“Mitotic Slippage” and Extranuclear DNA in Cancer Chemoresistance: A Focus on Telomeres

Kristine Salmina; Agnieszka Bojko; Inna Inashkina; Karolina Staniak; Magdalena Dudkowska; Petar Podlesniy; Felikss Rumnieks; Ninel M. Vainshelbaum; Dace Pjanova; Ewa Sikora; Jekaterina  Ērenpreisa

doi:10.3390/ijms21082779

“Mitotic Slippage” and Extranuclear DNA in Cancer Chemoresistance: A Focus on Telomeres

Kristine Salmina, Agnieszka Bojko, Inna Inashkina, Karolina Staniak, Magdalena Dudkowska, Petar Podlesniy, Felikss Rumnieks, Ninel M. Vainshelbaum, Dace Pjanova, Ewa Sikora, Jekaterina Ērenpreisa (Corresponding Author)

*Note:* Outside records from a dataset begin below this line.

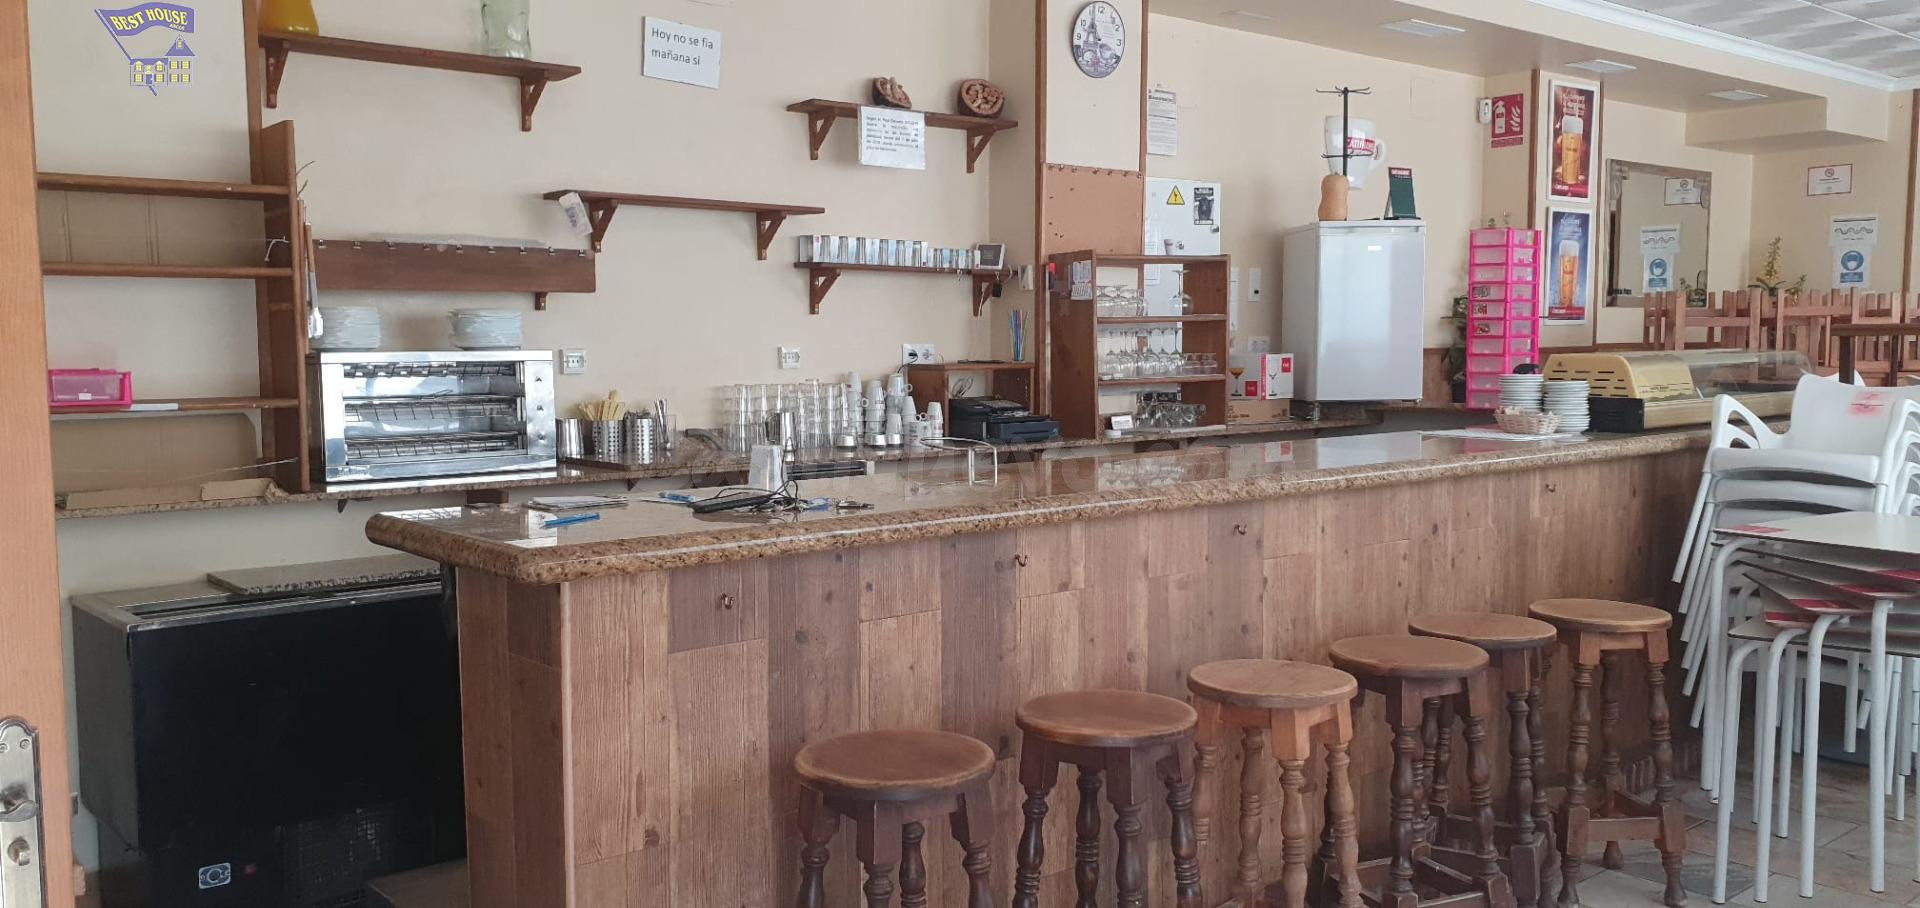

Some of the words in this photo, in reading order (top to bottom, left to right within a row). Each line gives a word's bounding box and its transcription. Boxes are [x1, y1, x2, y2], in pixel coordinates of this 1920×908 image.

[1097, 6, 1105, 14] 12
[651, 27, 672, 42] Hoy
[673, 34, 687, 44] no
[688, 37, 699, 46] se
[702, 37, 714, 49] fia
[1076, 32, 1082, 41] 9
[651, 48, 691, 64] mañana

Research output: Contribution to journal › Article › peer-review

36 Citations (Scopus)

Abstract

Mitotic slippage (MS), the incomplete mitosis that results in a doubled genome in interphase, is a typical response of TP53-mutant tumors resistant to genotoxic therapy. These polyploidized cells display premature senescence and sort the damaged DNA into the cytoplasm. In this study, we explored MS in the MDA-MB-231 cell line treated with doxorubicin (DOX). We found selective release into the cytoplasm of telomere fragments enriched in telomerase reverse transcriptase (hTERT), telomere capping protein TRF2, and DNA double-strand breaks marked by γH2AX, in association with ubiquitin-binding protein SQSTM1/p62. This occurs along with the alternative lengthening of telomeres (ALT) and DNA repair by homologous recombination (HR) in the nuclear promyelocytic leukemia (PML) bodies. The cells in repeated MS cycles activate meiotic genes and display holocentric chromosomes characteristic for inverted meiosis (IM). These giant cells acquire an amoeboid phenotype and finally bud the depolyploidized progeny, restarting the mitotic cycling. We suggest the reversible conversion of the telomerase-driven telomere maintenance into ALT coupled with IM at the sub-telomere breakage sites introduced by meiotic nuclease SPO11. All three MS mechanisms converging at telomeres recapitulate the amoeba-like agamic life-cycle, decreasing the mutagenic load and enabling the recovery of recombined, reduced progeny for return into the mitotic cycle.

Original language	English
Article number	2779
Journal	International Journal of Molecular Sciences
Volume	21
Issue number	8
DOIs	https://doi.org/10.3390/ijms21082779
Publication status	Published - 2 Apr 2020
Externally published	Yes

Keywords*

ALT
Amoeboid conversion
Budding of mitotic progeny
Cellular senescence
Extranuclear DNA
Genotoxic treatment
Inverted meiosis
MtTP53 cancer
Polyploidization
SQSTM1/p62

Field of Science*

1.6 Biological sciences
3.1 Basic medicine

Publication Type*

1.1. Scientific article indexed in Web of Science and/or Scopus database

UN SDGs

This output contributes to the following UN Sustainable Development Goals (SDGs)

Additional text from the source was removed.